Repeat the data exactly, leaving out any image.

━━━━━ Data records ━━━━━

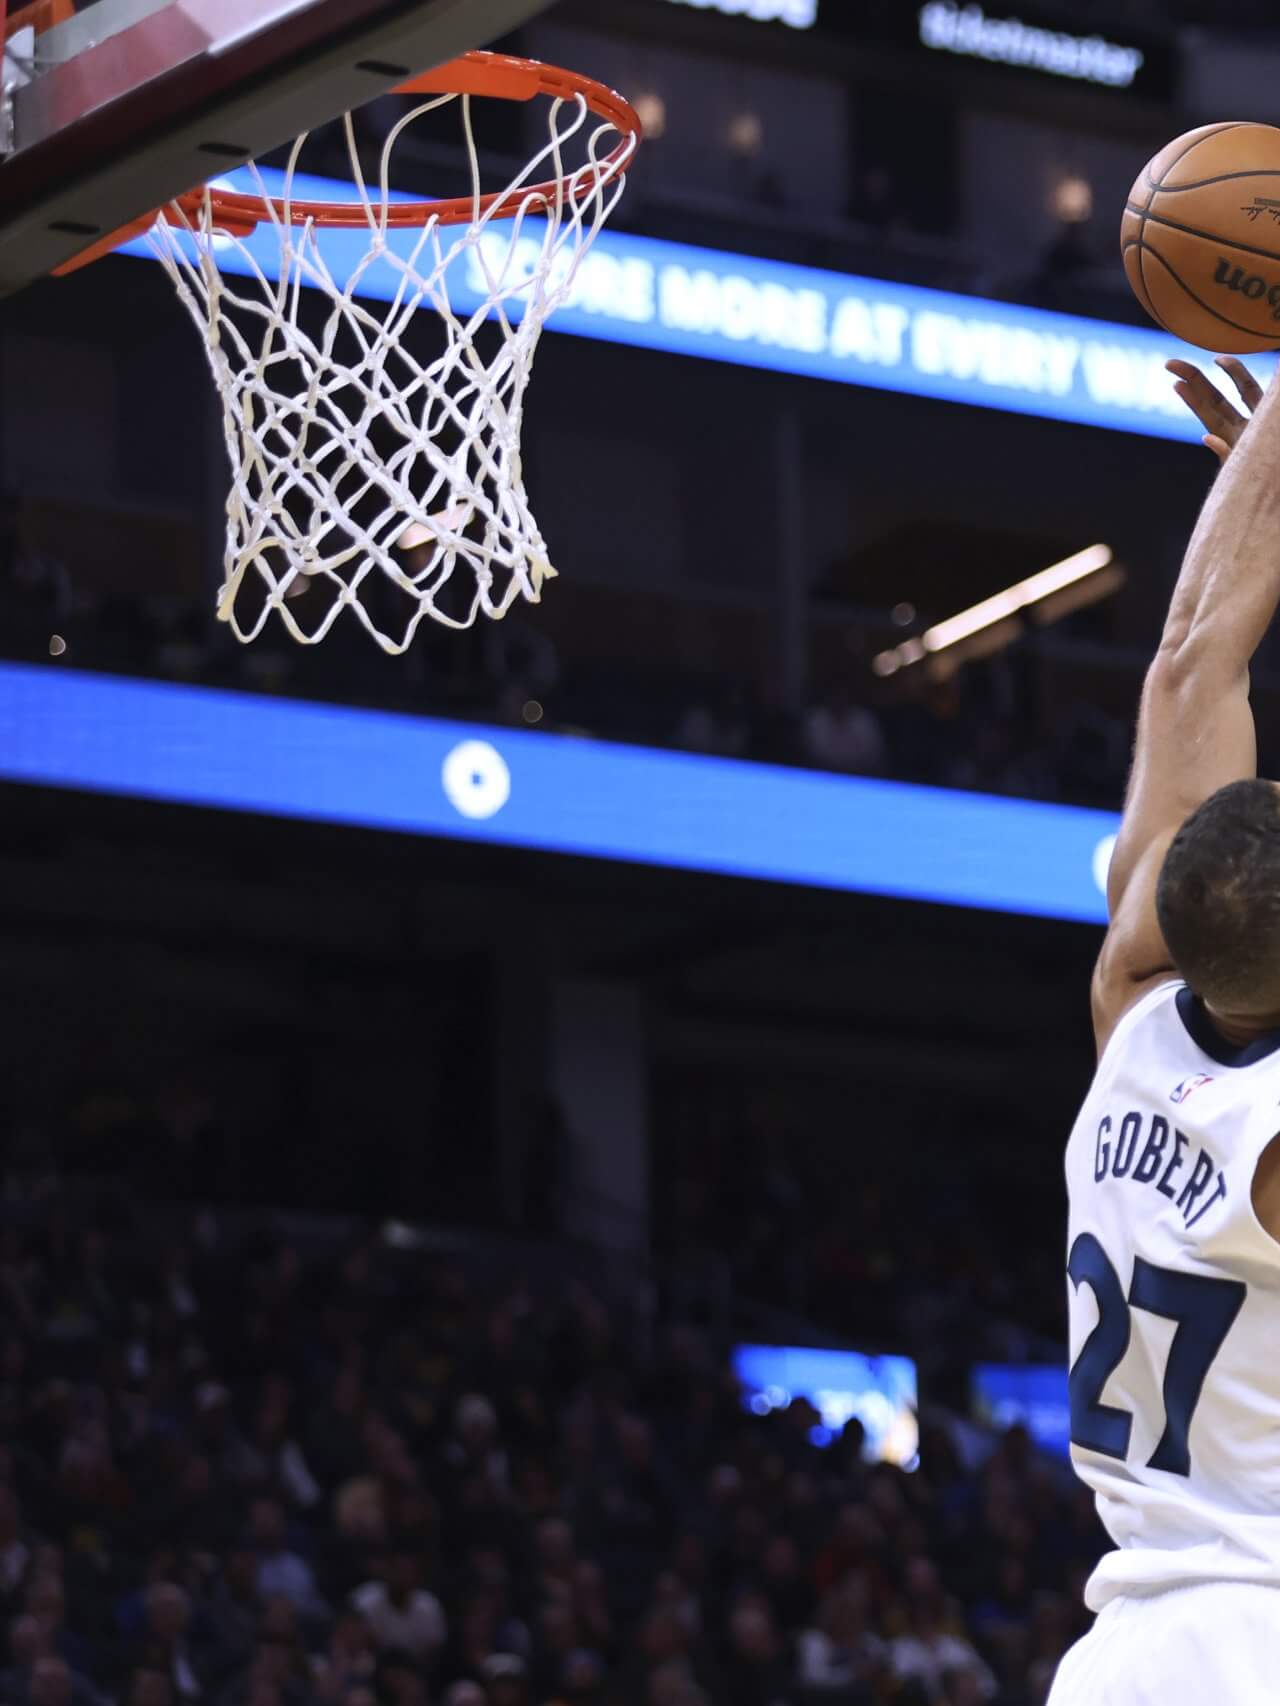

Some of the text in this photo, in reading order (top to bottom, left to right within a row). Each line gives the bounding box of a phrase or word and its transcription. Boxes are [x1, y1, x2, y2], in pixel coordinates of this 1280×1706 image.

[659, 264, 827, 353] MORE
[830, 297, 908, 367] AT
[911, 310, 1078, 396] EVERY
[1094, 1111, 1228, 1230] GOBERT
[1067, 1231, 1248, 1478] 27

━━━━━

[Output for this task]
Some of the text in this photo, in reading order (top to bottom, left to right within a row). Each line gives the bounding box of a phrase or word and its transcription. Boxes are [x1, y1, x2, y2], in pixel coordinates of this 1280×1706 image.

[659, 264, 827, 353] MORE
[830, 297, 908, 367] AT
[911, 310, 1078, 396] EVERY
[1094, 1111, 1228, 1230] GOBERT
[1067, 1231, 1248, 1478] 27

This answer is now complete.